ABOUT THIS EXERCISE: Line by line, print the records exactly as they are, dropping the pictures.

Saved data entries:
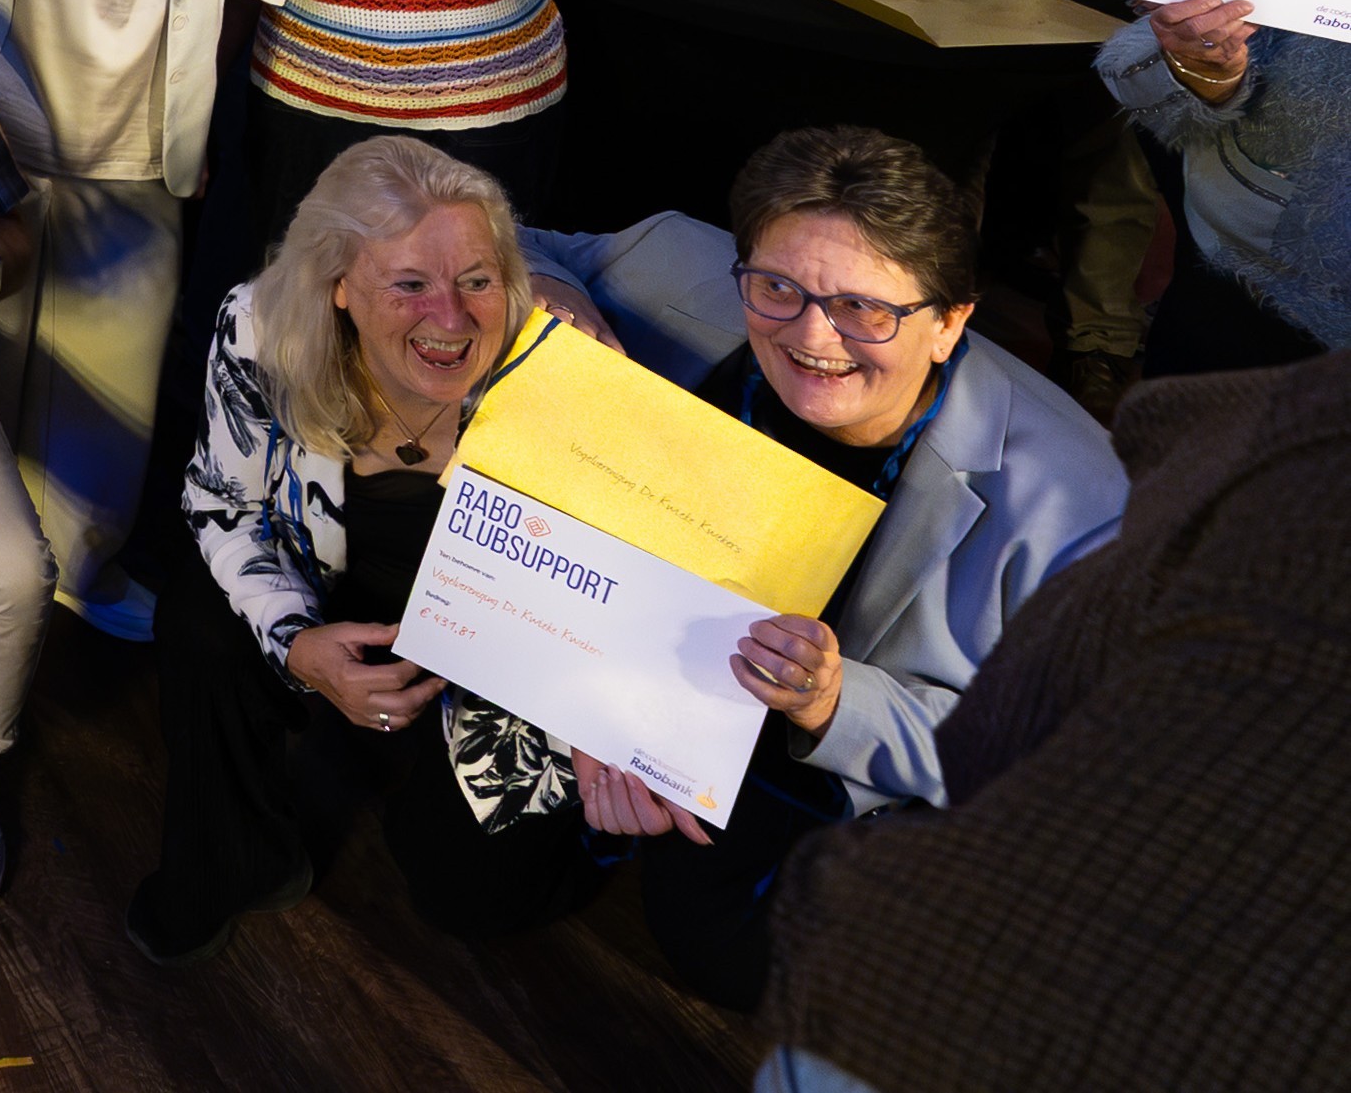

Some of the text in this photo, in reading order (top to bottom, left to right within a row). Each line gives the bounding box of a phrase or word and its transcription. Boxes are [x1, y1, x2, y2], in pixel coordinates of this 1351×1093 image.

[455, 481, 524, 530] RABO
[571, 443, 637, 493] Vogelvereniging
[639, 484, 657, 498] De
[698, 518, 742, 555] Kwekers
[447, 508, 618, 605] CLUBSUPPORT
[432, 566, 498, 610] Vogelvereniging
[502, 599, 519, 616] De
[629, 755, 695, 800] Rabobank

EXERCISE ANSWER:
Some of the text in this photo, in reading order (top to bottom, left to right within a row). Each line gives the bounding box of a phrase or word and its transcription. Boxes are [x1, y1, x2, y2], in pixel coordinates of this 1351×1093 image.

[455, 481, 524, 530] RABO
[571, 443, 637, 493] Vogelvereniging
[639, 484, 657, 498] De
[698, 518, 742, 555] Kwekers
[447, 508, 618, 605] CLUBSUPPORT
[432, 566, 498, 610] Vogelvereniging
[502, 599, 519, 616] De
[629, 755, 695, 800] Rabobank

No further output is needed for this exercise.